Anni and Ashot Manukyan of Glendale, California, have filed a lawsuit against the CHA Fertility Center in Los Angeles.

Large-scale destruction/loss of embryos. Last year, large-scale embryo destruction occurred at the Pacific Fertility Center in San Francisco and the University Hospitals Fertility Center in Cleveland. Freezers failed in both clinics, resulting in the loss of more than 5,000 eggs and embryos. An estimated 600 families at Pacific and nearly 1,000 families at University Hospitals suffered losses in the tragedy.  

Fertility abuses are a national problem

These real-life horror stories illustrate how a slipshod approach to fertility clinic regulation has, in the words of legal scholar-turned-policy analyst Andrea Preisler of the American Medical Association, “left a gaping hole for a booming, unregulated market fraught with fraud and abuse.” 

After the University Hospitals failure, one of the biggest fertility center debacles in U.S. history, there was talk of state legislative action. Since then, two states have passed new laws. Texas has put in place laws governing extreme ART abuses, and Indiana has enacted legislation that might help victims of ART industry abuses file for legal action.

But fertility center abuses are not simply local in nature. They constitute a national problem, and it is clear that this multibillion dollars (and growing) industry will not respond to anything other than a nationwide solution. Besides, why should a young couple in Minnesota or Oklahoma have fewer protections than those in Indiana or Texas?

Britain is a model for US oversight

Courts can provide remedies for this type of fertility center misconduct, but new federal and state laws would be important to make clear to the industry the consequences for violating customers’ trust. 

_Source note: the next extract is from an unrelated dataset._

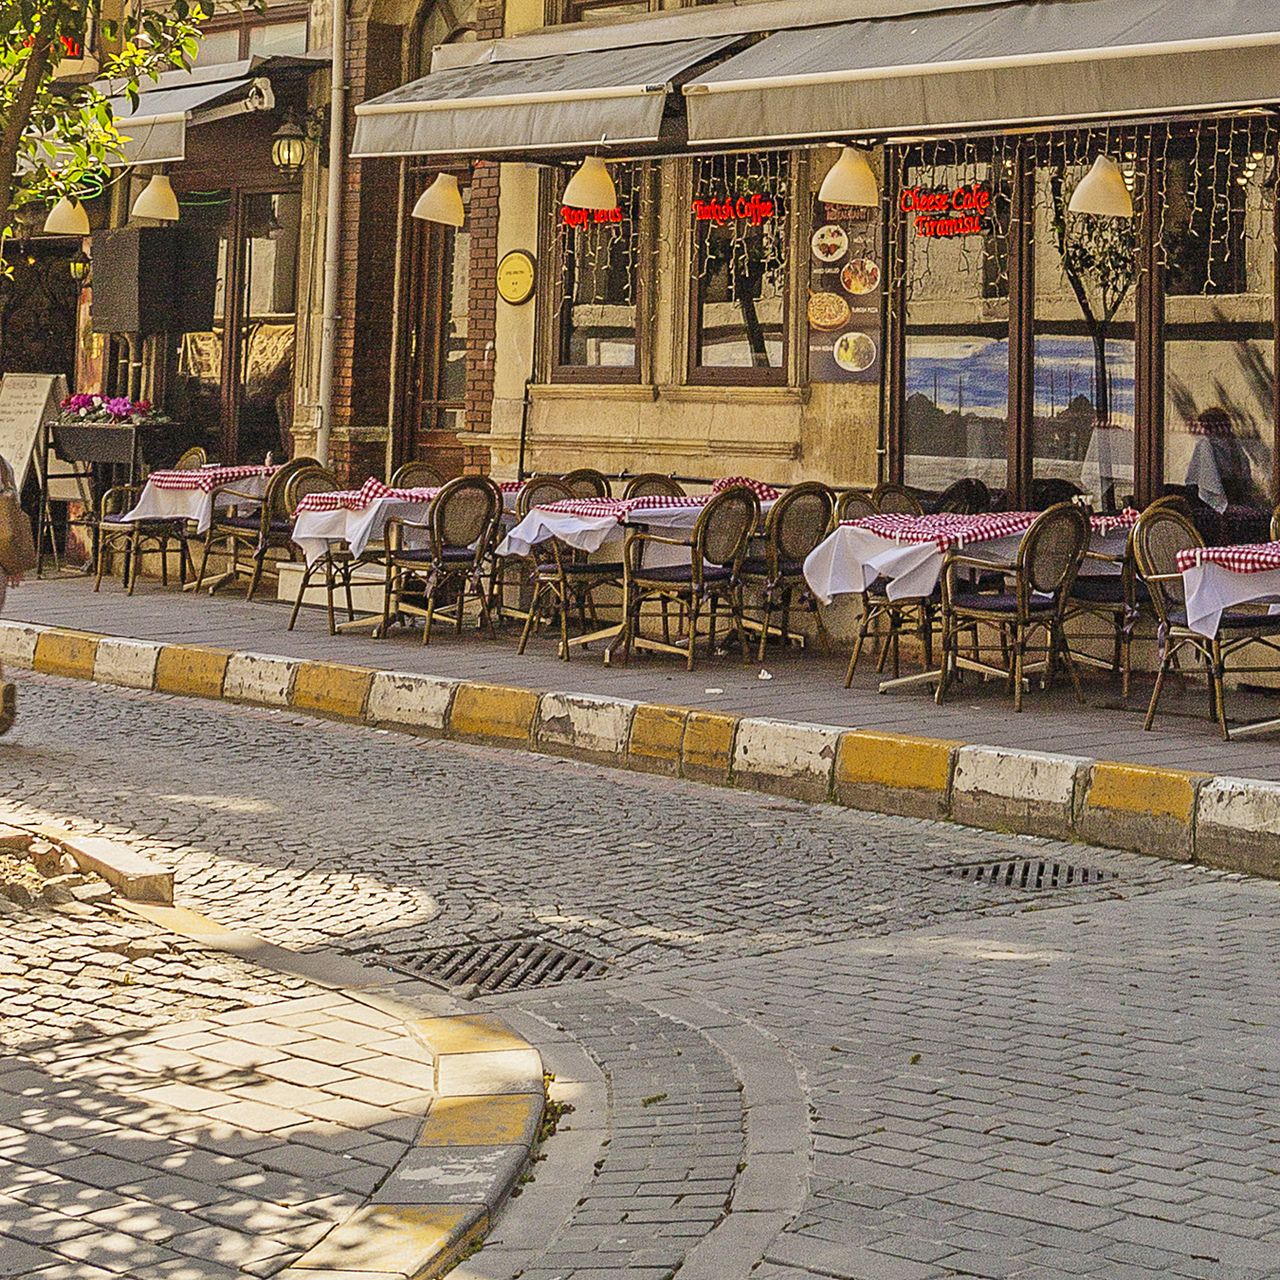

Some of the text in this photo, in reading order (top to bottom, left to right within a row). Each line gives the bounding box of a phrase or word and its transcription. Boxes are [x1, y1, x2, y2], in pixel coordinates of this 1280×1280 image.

[692, 194, 774, 226] Turkish Coffee
[901, 181, 991, 215] Cheese Cake
[913, 212, 982, 238] Tiramisu
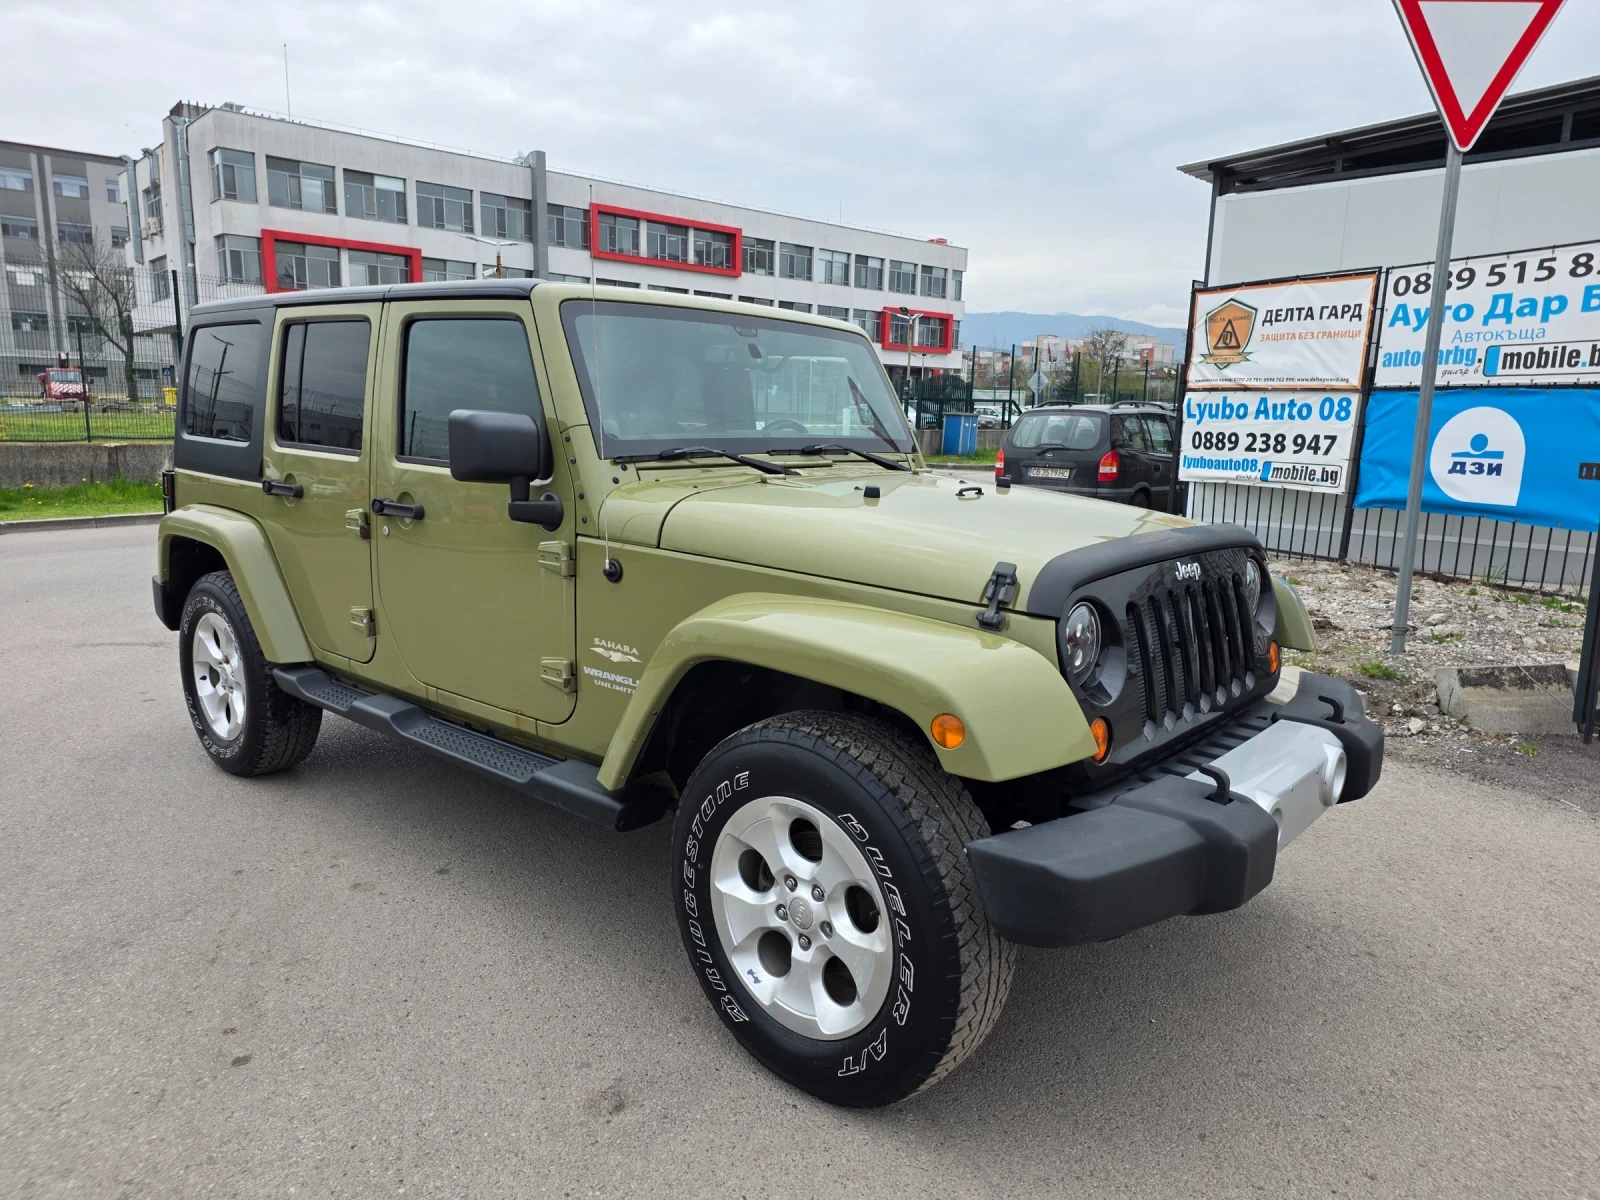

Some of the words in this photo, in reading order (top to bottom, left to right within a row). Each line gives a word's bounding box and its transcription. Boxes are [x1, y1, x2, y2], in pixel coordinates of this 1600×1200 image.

Luckily, the United States has a blueprint for a uniform national solution. In the United Kingdom, a nationwide agency oversees all fertility clinics. The Human Fertilization and Embryology Authority, created in 1990, conducts regular and unannounced inspections of fertility centers, demands corrective measures where needed, and publicizes all regulatory actions. HFEA has developed a regulatory model and standard of professional conduct that works and has undergone extensive scrutiny. It puts the U.K. light years ahead of the U.S. when it comes to protecting consumers.

No matter what your politics, everyone should see the need for proper regulation of the industry that makes human life possible for so many Americans. U.S. families will spend nearly $6 billion at fertility centers this year. These are families desperate to have children. Why would we let them continue to be victimized by a fertility industry that is so obviously broken and in need of proper oversight?

Adam Wolf, a partner in the law firm Peiffer Wolf Carr & Kane, is handling hundreds of fertility clinic abuse cases, including the Manukyan lawsuit. Naomi Cahn, the Harold H. Greene Professor at George Washington University Law School, is author of the book “Test Tube Families: Why the Fertility Market Needs Legal Regulation.”